Health Investment, Human Capital, and Economic Outcomes

Wednesday, June 25, 2014: 8:30 AM-10:00 AM
Von KleinSmid 150 (Von KleinSmid Center)
Chair:
Jeremy Barofsky

Over a decade has passed since the World Health Organization’s Commission on Macroeconomics and Health asserted that improving health, in addition to a fundamental end of economic development, also constitutes an essential mechanism to reduce poverty. Concurrently, ambitious targets were set to improve health and reduce poverty for the poorest through the Millennium Development Goals. Since then, new resources have been engaged to improve developing-nation health through funding mechanisms like the Global Fund for AIDS, Tuberculosis, and Malaria, Gates Foundation, and Pepfar such that development assistance for health has more than doubled in the last decade. This expansion has produced significant progress in reducing mortality and morbidity, particularly from HIV and malaria, in some of the lowest income nations of the world, while middle-income and some low-income nations have significantly increased funding for health insurance systems as well.

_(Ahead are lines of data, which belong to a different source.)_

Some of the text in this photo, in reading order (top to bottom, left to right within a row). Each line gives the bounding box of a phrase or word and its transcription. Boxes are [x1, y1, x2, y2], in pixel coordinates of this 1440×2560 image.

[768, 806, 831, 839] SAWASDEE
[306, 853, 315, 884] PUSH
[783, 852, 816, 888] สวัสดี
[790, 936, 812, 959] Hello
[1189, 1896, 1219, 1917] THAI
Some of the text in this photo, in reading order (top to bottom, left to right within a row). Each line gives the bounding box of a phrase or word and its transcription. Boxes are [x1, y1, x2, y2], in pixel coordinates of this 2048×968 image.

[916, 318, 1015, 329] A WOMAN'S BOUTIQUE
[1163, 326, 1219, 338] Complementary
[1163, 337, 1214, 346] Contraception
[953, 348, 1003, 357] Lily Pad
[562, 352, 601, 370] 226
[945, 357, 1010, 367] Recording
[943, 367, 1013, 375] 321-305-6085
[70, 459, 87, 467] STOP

However, given the global financial crisis and the consequent austerity in public spending, this increase in resources to improve health is unlikely to be sustained. Even though substantial progress has been made, enormous disease burdens still threaten growth, particularly in sub-Saharan Africa, as well as south Asia and parts of Latin America. This session, therefore, will investigate the progress that has been made in improving health in developing nations, review what has been learned about the mechanisms through which health may improve well-being, and explore the challenges still ahead for fostering development through health investment in an environment of constrained development assistance.